▶ **Task requirements**: When you find the line that contains "this 1423×1280 image.", restate it and all lines after it exactly, stopping at the end of the material.

▶ **Data supplied**:
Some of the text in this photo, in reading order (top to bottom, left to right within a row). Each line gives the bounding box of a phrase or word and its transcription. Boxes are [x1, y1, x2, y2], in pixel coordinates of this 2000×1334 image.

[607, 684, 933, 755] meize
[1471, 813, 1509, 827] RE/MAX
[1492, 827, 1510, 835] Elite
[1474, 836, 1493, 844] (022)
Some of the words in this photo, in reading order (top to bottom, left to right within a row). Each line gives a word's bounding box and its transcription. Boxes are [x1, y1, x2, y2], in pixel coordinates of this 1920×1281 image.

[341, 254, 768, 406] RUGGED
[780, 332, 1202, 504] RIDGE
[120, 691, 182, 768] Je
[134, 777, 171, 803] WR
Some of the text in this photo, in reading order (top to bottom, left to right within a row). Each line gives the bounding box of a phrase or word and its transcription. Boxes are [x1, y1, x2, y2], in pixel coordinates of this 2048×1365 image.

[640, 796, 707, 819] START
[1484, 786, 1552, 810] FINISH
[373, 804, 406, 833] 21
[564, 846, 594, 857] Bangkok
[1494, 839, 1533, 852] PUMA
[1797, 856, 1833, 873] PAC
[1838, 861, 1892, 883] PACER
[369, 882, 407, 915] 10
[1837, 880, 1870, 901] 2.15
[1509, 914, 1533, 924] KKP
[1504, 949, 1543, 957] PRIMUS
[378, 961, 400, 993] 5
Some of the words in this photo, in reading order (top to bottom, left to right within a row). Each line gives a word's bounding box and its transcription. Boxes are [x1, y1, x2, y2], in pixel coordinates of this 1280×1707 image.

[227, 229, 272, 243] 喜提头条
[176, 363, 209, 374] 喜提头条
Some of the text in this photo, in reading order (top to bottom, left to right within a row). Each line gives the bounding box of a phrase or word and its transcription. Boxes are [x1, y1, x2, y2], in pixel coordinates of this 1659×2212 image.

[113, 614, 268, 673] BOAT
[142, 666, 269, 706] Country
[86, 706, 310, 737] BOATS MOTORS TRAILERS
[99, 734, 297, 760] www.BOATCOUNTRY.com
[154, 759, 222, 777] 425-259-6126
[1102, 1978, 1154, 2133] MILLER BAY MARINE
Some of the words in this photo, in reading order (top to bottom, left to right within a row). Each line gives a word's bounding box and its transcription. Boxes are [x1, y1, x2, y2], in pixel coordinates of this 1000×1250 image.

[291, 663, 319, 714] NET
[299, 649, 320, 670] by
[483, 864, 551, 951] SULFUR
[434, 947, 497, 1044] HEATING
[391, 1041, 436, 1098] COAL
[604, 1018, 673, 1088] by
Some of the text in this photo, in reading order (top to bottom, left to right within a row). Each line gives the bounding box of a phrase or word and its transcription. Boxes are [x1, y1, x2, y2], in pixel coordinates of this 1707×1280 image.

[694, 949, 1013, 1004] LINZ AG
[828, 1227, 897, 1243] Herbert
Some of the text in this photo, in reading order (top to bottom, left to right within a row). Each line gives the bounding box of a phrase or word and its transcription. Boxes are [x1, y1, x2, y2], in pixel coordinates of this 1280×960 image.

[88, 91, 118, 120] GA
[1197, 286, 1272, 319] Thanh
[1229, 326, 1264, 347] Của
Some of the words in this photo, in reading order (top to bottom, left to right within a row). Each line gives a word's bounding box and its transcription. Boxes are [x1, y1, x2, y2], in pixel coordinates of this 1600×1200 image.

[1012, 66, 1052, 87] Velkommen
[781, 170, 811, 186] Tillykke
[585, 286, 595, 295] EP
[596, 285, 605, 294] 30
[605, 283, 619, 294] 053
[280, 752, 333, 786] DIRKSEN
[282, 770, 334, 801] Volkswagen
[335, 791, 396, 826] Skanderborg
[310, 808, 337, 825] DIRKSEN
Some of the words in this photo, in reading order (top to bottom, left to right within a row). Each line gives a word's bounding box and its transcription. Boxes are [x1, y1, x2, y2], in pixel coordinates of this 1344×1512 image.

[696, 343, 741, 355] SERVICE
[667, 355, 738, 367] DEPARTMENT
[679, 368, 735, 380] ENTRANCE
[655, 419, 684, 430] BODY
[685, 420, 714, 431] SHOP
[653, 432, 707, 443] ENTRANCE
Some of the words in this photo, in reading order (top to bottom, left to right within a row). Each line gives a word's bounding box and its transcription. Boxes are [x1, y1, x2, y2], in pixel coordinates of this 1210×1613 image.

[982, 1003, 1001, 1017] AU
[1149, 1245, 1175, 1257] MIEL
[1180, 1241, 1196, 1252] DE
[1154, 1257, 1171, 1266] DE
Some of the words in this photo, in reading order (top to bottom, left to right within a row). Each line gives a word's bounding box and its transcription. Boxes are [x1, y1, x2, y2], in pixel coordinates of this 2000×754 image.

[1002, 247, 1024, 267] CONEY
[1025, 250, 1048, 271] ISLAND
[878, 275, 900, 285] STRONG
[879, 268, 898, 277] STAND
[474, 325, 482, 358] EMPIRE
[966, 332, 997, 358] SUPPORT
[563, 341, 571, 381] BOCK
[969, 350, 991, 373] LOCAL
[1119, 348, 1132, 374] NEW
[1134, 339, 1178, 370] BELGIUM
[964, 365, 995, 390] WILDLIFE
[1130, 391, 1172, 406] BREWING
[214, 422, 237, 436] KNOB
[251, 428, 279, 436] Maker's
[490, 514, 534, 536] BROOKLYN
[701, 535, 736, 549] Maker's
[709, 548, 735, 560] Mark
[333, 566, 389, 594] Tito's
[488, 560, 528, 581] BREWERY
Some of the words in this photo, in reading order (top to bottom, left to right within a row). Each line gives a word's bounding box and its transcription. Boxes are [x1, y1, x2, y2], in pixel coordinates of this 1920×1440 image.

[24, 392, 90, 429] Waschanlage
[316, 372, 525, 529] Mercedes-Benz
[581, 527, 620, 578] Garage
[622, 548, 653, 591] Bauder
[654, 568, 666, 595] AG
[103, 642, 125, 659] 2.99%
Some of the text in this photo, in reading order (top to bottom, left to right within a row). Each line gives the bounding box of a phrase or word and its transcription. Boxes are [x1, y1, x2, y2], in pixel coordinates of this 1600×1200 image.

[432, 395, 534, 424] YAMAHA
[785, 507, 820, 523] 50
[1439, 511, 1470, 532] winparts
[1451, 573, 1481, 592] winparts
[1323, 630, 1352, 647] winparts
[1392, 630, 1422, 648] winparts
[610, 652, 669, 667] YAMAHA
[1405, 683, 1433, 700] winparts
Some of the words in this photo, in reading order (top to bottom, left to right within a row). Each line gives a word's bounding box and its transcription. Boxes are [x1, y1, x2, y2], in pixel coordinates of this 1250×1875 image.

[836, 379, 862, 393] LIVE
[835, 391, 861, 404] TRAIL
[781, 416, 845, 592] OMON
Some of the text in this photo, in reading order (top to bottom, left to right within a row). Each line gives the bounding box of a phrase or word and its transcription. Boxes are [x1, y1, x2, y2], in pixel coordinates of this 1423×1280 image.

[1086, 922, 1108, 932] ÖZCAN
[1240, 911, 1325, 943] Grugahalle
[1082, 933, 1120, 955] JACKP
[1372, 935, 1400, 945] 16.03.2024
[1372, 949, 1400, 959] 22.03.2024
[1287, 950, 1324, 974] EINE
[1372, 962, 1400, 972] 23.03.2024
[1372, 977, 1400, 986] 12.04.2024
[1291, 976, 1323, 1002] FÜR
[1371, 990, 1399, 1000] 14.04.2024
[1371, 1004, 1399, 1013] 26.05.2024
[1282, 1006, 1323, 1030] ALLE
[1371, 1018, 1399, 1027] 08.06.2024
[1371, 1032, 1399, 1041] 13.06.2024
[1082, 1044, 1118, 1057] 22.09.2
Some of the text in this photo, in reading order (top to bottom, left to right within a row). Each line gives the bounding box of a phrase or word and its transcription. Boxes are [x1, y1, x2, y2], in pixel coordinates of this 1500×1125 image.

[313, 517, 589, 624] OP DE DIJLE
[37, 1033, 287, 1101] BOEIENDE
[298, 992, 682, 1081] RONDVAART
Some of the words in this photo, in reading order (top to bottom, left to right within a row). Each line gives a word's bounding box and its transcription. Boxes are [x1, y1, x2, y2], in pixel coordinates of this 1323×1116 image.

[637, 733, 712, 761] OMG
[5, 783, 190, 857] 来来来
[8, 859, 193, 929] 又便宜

▶ **Task solution**:
Some of the text in this photo, in reading order (top to bottom, left to right within a row). Each line gives the bounding box of a phrase or word and its transcription. Boxes are [x1, y1, x2, y2], in pixel coordinates of this 1423×1280 image.

[1086, 922, 1108, 932] ÖZCAN
[1240, 911, 1325, 943] Grugahalle
[1082, 933, 1120, 955] JACKP
[1372, 935, 1400, 945] 16.03.2024
[1372, 949, 1400, 959] 22.03.2024
[1287, 950, 1324, 974] EINE
[1372, 962, 1400, 972] 23.03.2024
[1372, 977, 1400, 986] 12.04.2024
[1291, 976, 1323, 1002] FÜR
[1371, 990, 1399, 1000] 14.04.2024
[1371, 1004, 1399, 1013] 26.05.2024
[1282, 1006, 1323, 1030] ALLE
[1371, 1018, 1399, 1027] 08.06.2024
[1371, 1032, 1399, 1041] 13.06.2024
[1082, 1044, 1118, 1057] 22.09.2
Some of the text in this photo, in reading order (top to bottom, left to right within a row). Each line gives the bounding box of a phrase or word and its transcription. Boxes are [x1, y1, x2, y2], in pixel coordinates of this 1500×1125 image.

[313, 517, 589, 624] OP DE DIJLE
[37, 1033, 287, 1101] BOEIENDE
[298, 992, 682, 1081] RONDVAART
Some of the words in this photo, in reading order (top to bottom, left to right within a row). Each line gives a word's bounding box and its transcription. Boxes are [x1, y1, x2, y2], in pixel coordinates of this 1323×1116 image.

[637, 733, 712, 761] OMG
[5, 783, 190, 857] 来来来
[8, 859, 193, 929] 又便宜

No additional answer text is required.